Sandwell Metropolitan Borough Council was created in 1974 to administer the newly formed Metropolitan Borough of Sandwell, in the West Midlands county of England.

The council offices are located at the Council House, Freeth Street, Oldbury town centre, which opened in 1989.

Sandwell is divided into 24 Wards and is represented by 72 ward councillors.   Elections to the council take place in three out of every four years, with one-third of the seats being contested at each election.

Since the Local Government Act 1985, Sandwell Council has effectively been a unitary authority, serving as the sole executive, deliberative, and legislative body responsible for local policy, setting council tax, and allocating budget in the district; although public transport, fire and police services, and the local government pension fund (West Midlands Pension Fund) are jointly run by the seven metropolitan boroughs of the West Midlands county.

Politics

Most of Sandwell's councillors are members of the Labour Party, with the Labour party having run the council since the first election in 1973, apart from one year between 1978 and 1979 when the Conservatives had a majority. By 2014, all but two of Sandwell's 72 councillors were Labour members.

In May 2021 the Conservative Party regained its presence on the Council, gaining 9 seats from the Labour Party.

In May 2013, it was announced that following a re-shuffle, there was a freeze on allowances for Sandwell Council Cabinet Members and that the membership of the cabinet was reduced from 10 to 8.

Recent history
Despite being the 14th most deprived borough in the UK, the council has invested and worked with many partners to ensure the regeneration of the borough attracting many new SME businesses.  The Leader of the Council said that "successful small businesses are essential for the economy and for thriving local communities"

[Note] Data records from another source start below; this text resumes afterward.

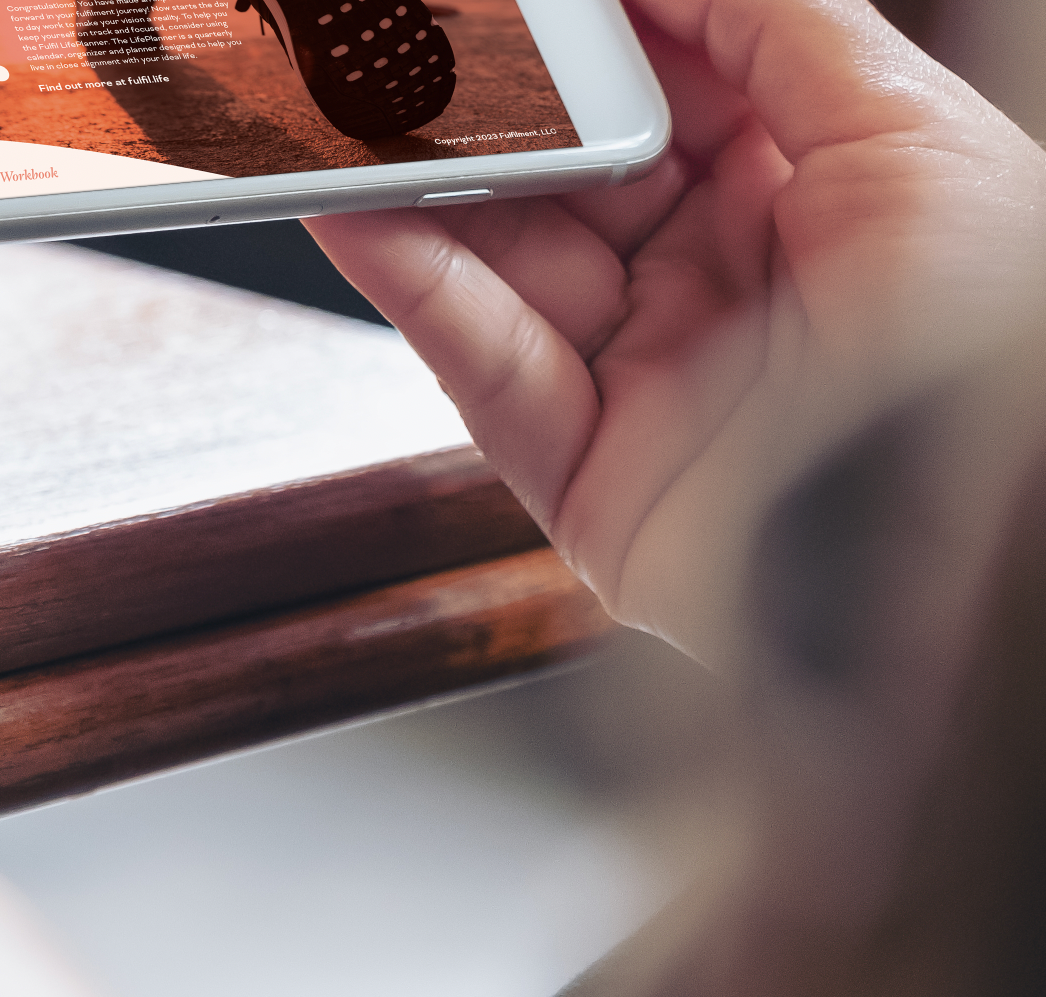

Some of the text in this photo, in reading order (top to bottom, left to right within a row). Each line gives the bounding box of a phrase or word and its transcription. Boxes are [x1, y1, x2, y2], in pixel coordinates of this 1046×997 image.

[7, 1, 76, 13] Congratulations!
[11, 13, 44, 22] forward
[116, 7, 150, 16] journey!
[214, 1, 229, 9] day
[18, 34, 39, 42] keep
[41, 31, 75, 41] yourself
[134, 25, 167, 33] focused,
[26, 24, 40, 32] day
[100, 19, 119, 27] your
[38, 42, 59, 50] Fulfil
[60, 40, 110, 49] LifePlanner.
[129, 34, 177, 44] LifePlanner
[195, 30, 232, 40] quarterly
[27, 53, 66, 61] calendar,
[67, 49, 106, 59] organizer
[126, 46, 157, 55] planner
[159, 42, 196, 51] designed
[81, 58, 121, 69] alignment
[122, 56, 139, 64] with
[141, 56, 159, 64] your
[161, 53, 181, 61] ideal
[38, 74, 169, 92] Find out more at fulfil.life
[435, 136, 475, 145] Copyright
[499, 129, 540, 139] Fulfilment,
[0, 167, 58, 183] Workbook

Since its formation in 1974, the borough council has demolished a considerable percentage of the area's privately owned 19th and early 20th century housing stock. In the early years of this process, many of these properties lacked a bathroom or indoor toilet, as well as being generally unfit for human habitation, with refurbishment not deemed to be a viable option. The process of demolishing similar properties had in fact started before 1974 during the existence of the former West Bromwich and Warley boroughs, as well as before 1966 under the original local authorities. The borough council has also made money available for refurbishment of older private sector housing which is still deemed viable for retention.

Since the late 1980s, however, it has also demolished a considerable amount of post-1919 council housing.

The first large redevelopment of this time came in 1992/93, when the West Smethwick Estate (known locally as the "Concrete Jungle" due to its network of interlinked concrete-constructed maisonette blocks) was demolished, despite only being around 25 years old, and replaced by a new low-rise housing estate known as Galton Village.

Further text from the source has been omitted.